Causes of change

Demographic trends in breeding parameters do not suggest that increases in this species are due to improvements in breeding performance. There is some evidence, albeit limited, that improvements in survival rates, due to amelioration in wintering conditions, may have been responsible. Evidence for ecological drivers of the population increase is limited but increased provisioning in gardens and milder winters may have played a role.

Further information on causes of change

The number of fledglings per breeding attempt have decreased alongside decreases in clutch and brood sizes (see above). Daily failure rates at the egg stage have also decreased but daily failure rates at the chick stage has not changed. Consequently, breeding success does not contribute substantially to population change, and integrated modelling confirms that variation in adult survival is the primary driver of annual population change (Robinson et al. 2014).

Increases in survival rates, due to more widespread food provision in gardens during winter is one possible explanation for the increase (Plummer et al. 2019). Horak & Lebreton (1998) found that survival rates in Estonia were higher in urban populations than rural ones and suggested that this was partly due to supplementary feeding in gardens. Increasing winter temperature may have also played a role. Ahola et al. (2009) suggested that, for their study population in Sweden, increasingly favourable conditions in winters have enhanced the survival rates of Great Tit and resulted in the observed increase in Great Tit breeding density.

Other factors are also likely to influence survival rates.

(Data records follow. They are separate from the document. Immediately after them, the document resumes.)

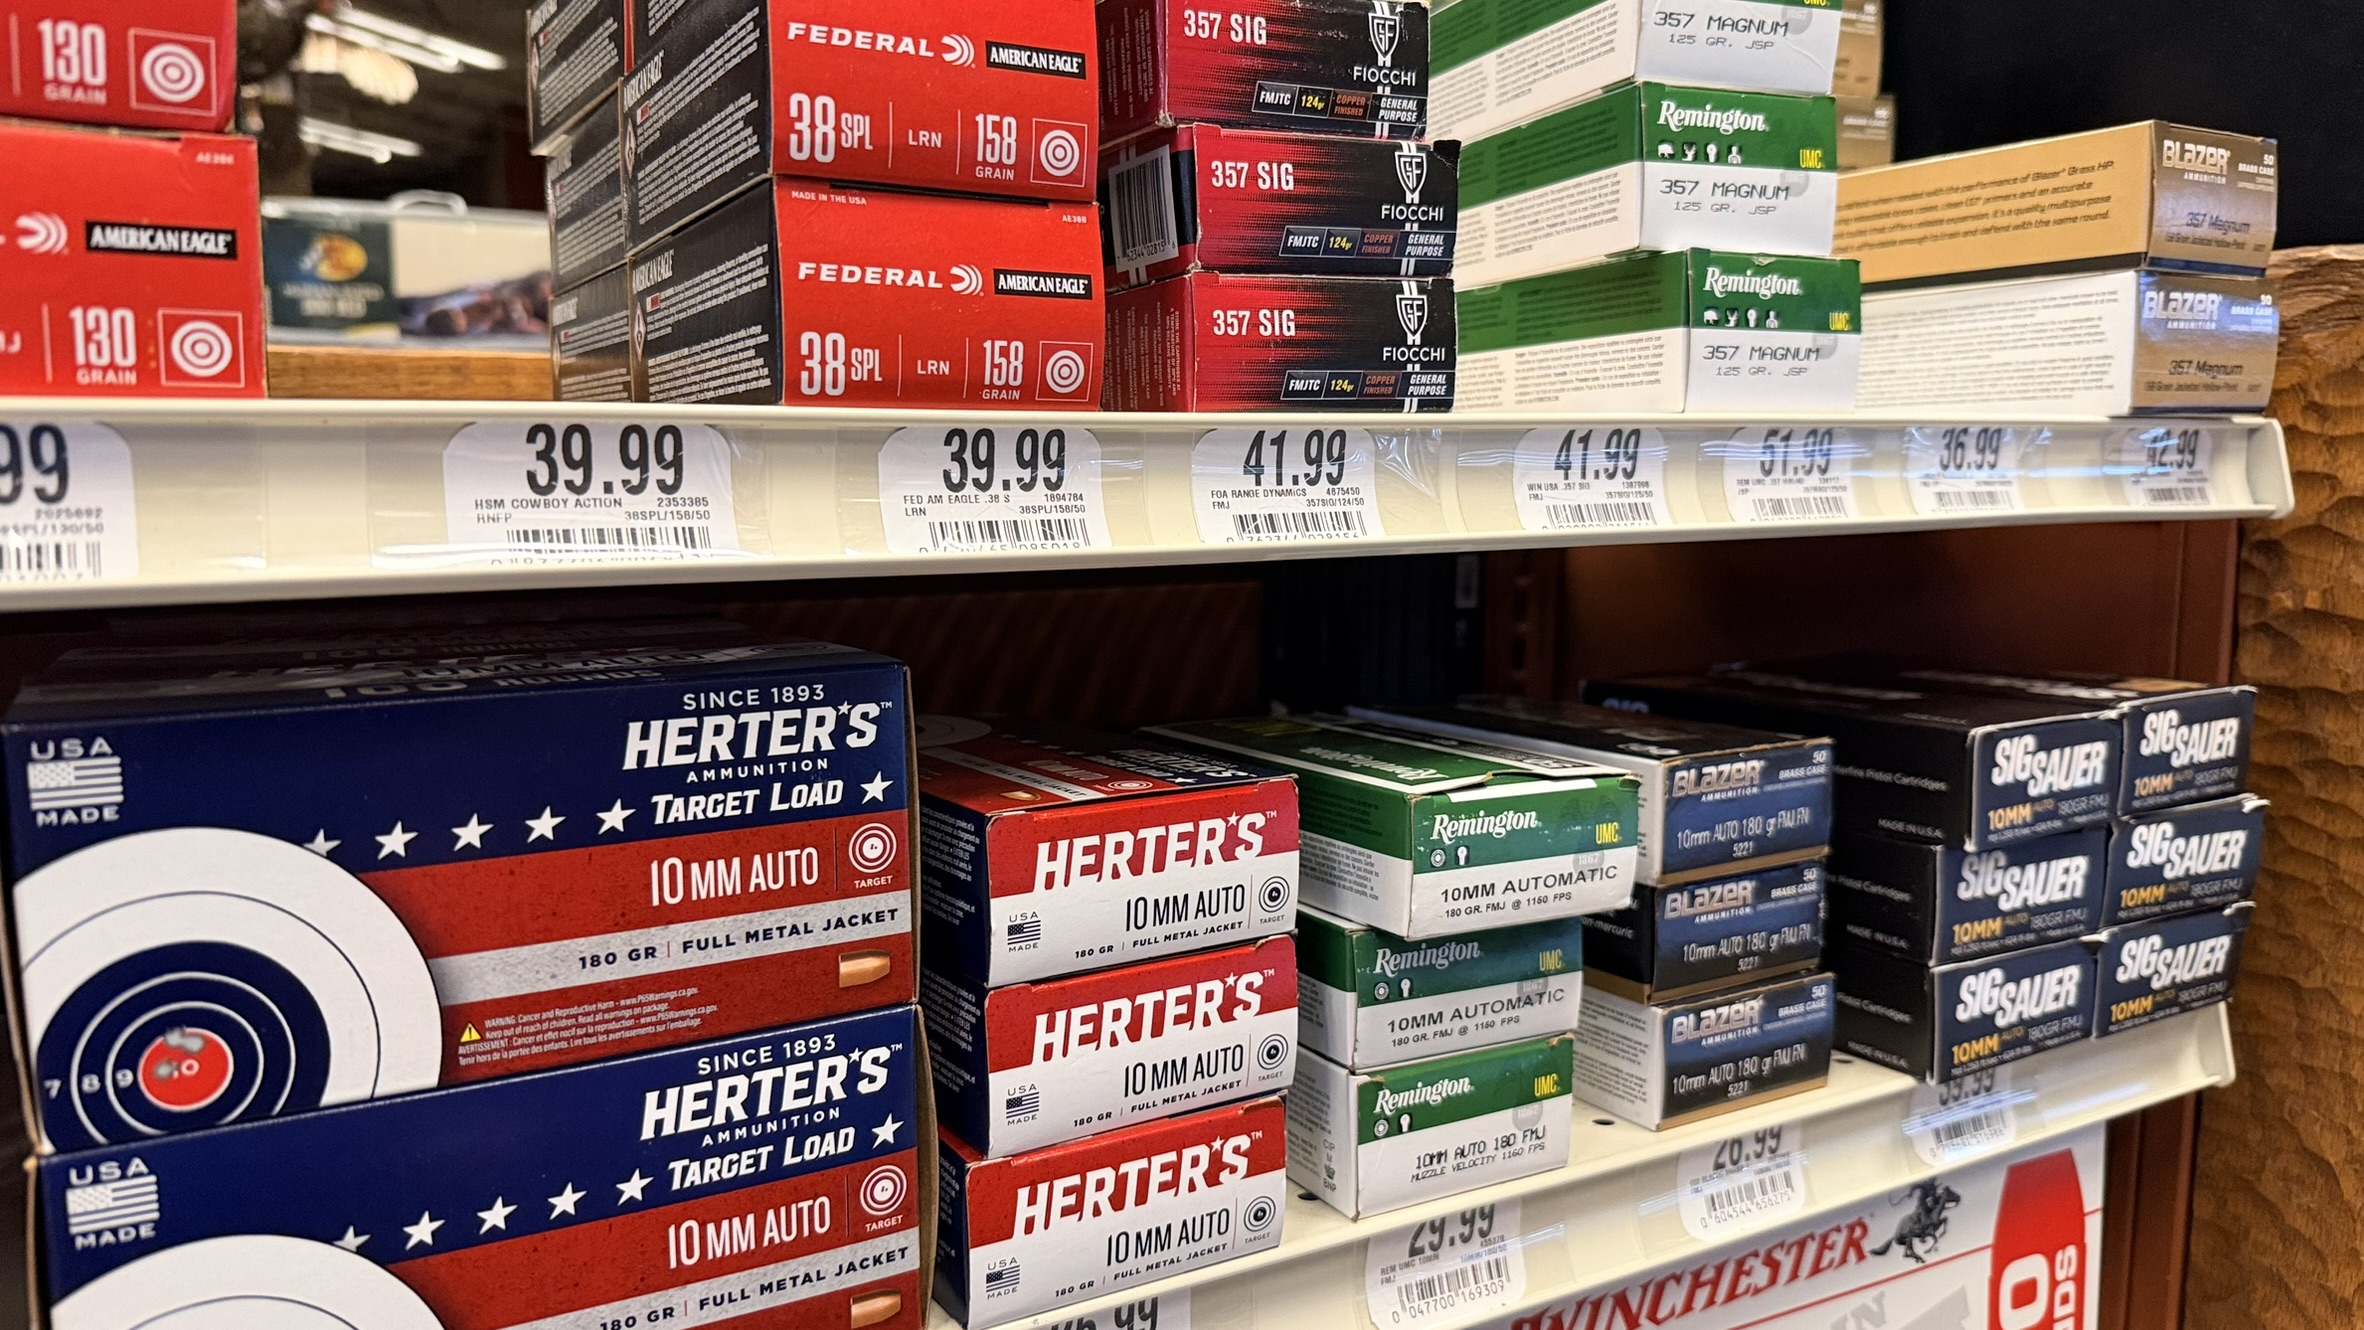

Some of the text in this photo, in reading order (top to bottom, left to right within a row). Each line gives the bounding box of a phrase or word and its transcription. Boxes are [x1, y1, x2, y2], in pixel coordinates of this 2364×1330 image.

[1183, 10, 1267, 45] 357 SIG
[1653, 11, 1789, 37] 357 MAGNUM
[37, 18, 107, 86] 130
[787, 22, 935, 58] FEDERAL
[1668, 34, 1696, 45] 125
[1745, 38, 1774, 50] JSP
[990, 47, 1082, 74] AMERICAN EAGLE
[1353, 66, 1417, 86] FIOCCHI
[789, 93, 836, 163] 38
[841, 112, 874, 151] SPL
[1657, 99, 1769, 135] Remington
[908, 129, 942, 148] LRN
[975, 113, 1017, 166] 158
[975, 166, 1015, 181] GRAIN
[1211, 160, 1294, 191] 357 SIG
[792, 190, 868, 206] MADE IN THE USA
[1660, 180, 1790, 200] 357 MAGNUM
[1381, 205, 1443, 222] FIOCCHI
[1674, 201, 1701, 212] 125
[1749, 204, 1776, 215] JSP
[90, 225, 232, 255] AMERICAN EAGLE
[1288, 234, 1320, 250] FMJTC
[1361, 244, 1391, 255] FINISHED
[1363, 233, 1393, 245] COPPER
[1405, 245, 1443, 257] PURPOSE
[1407, 233, 1445, 246] GENERAL
[798, 262, 943, 288] FEDERAL
[1703, 265, 1803, 300] Remington
[1212, 309, 1296, 337] 357 SIG
[69, 306, 137, 367] 130
[800, 331, 845, 396] 38
[851, 347, 882, 383] SPL
[983, 340, 1023, 387] 158
[1382, 347, 1446, 363] FIOCCHI
[1703, 346, 1820, 362] 357 MAGNUM
[917, 359, 950, 376] LRN
[1409, 373, 1447, 386] GENERAL
[1408, 385, 1447, 397] PURPOSE
[526, 424, 684, 496] 39.99
[943, 428, 1066, 493] 39.99
[1243, 429, 1347, 487] 41.99
[1554, 428, 1641, 481] 41.99
[1760, 428, 1834, 477] 51.99
[1939, 427, 2003, 471] 36.99
[904, 495, 924, 505] FED
[927, 494, 943, 504] AM
[948, 494, 981, 504] EAGLE
[1044, 493, 1083, 502] 1894784
[1231, 488, 1307, 498] RANGE DYNAMICS
[1326, 487, 1360, 496] 4875450
[1527, 483, 1558, 491] WIN USA
[475, 497, 623, 510] HSM COWBOY ACTION
[657, 497, 709, 507] 2353385
[905, 507, 926, 517] LRN
[1019, 504, 1086, 514] 38SPL/158/50
[1212, 500, 1230, 510] FMJ
[683, 684, 825, 711] SINCE 1893
[30, 737, 113, 760] USA
[687, 758, 829, 784] AMMUNITION
[1991, 734, 2108, 797] SIG SAUER
[651, 779, 844, 825] TARGET LOAD
[1701, 786, 1758, 802] AMMUNITION
[36, 805, 119, 827] MADE
[1430, 810, 1541, 844] Remington
[1988, 804, 2032, 831] 10MM
[1712, 824, 1739, 841] AUTO
[1742, 818, 1763, 836] 180
[2126, 821, 2175, 869] SIG
[2163, 829, 2249, 881] SAUER
[651, 847, 819, 907] 10 MM AUTO
[1440, 866, 1618, 904] 10MM AUTOMATIC
[1009, 910, 1039, 922] USA
[1126, 884, 1246, 931] 10 MM AUTO
[1445, 906, 1462, 918] 180
[1485, 901, 1505, 913] FMJ
[1553, 892, 1572, 903] FPS
[579, 908, 899, 970] 180 GR FULL METAL JACKET
[1008, 942, 1039, 953] MADE
[1075, 921, 1244, 959] 180 GR FULL METAL JACKET
[1372, 940, 1481, 977] Remington
[1955, 964, 2083, 1029] SIG SAUER
[1388, 988, 1565, 1034] 10MM AUTOMATIC
[1373, 1076, 1473, 1115] Remington
[1454, 1141, 1486, 1162] AUTO
[1494, 1134, 1516, 1151] 180
[1522, 1125, 1546, 1145] FMJ
[1409, 1279, 1505, 1319] 047700 169309

There is some evidence that the beech crop may be influential and it has been shown that survival rates can be related to beechmast production (Verhulst 1992, Perdeck et al. 2000), although there is no evidence that beechmast production has gone up. Perdeck et al. (2000) provided further evidence for this as supplemental food increased survival of both juveniles and adults, supporting the winter-food limitation hypothesis. In a Finnish population, Orell (1989) reported that the high survival rates of resident juveniles after a warm August may be attributable to food availability during the time when the birds undergo their post-juvenile moult.

Great Tits have advanced their laying date, in line with climatic change. This has been found by several studies (e.g. Sanz 2002, Visser et al. 2009, Bauer et al. 2010), but does not seem to be influencing the population trend. Intraspecific competition may also drive population changes in Great tits (Gamelon et al. 2019), and there is evidence that density-dependent effects influence clutch size, hatching success and fledging success, which may explain the decreases observed in clutch size as fledging rates as the population has increased (Bodey et al. 2020). Severe weather events are expected to become more frequent as a result of climate change and conditions such as heavy and persistent rainfall can also be an important driver of Great Tit breeding success (Scholl et al. 2020); however, there is no evidence that this has driven population change.

Information about conservation actions

Like its close relative the Blue Tit, the population of this species has increased since the 1970s, hence it is not a species of concern and no conservation actions are currently required. However, it has experienced a shallow decline over the last ten years and therefore ongoing monitoring would be prudent.

Ongoing provision of garden bird food is likely to continue to benefit the Great Tit. However, the effects are not always entirely positive and feeders may contribute to the spread of avian pox, so those providing food should ensure they follow good hygiene practices. The provision of nest boxes, both in gardens and elsewhere, is also likely to continue to benefit this species.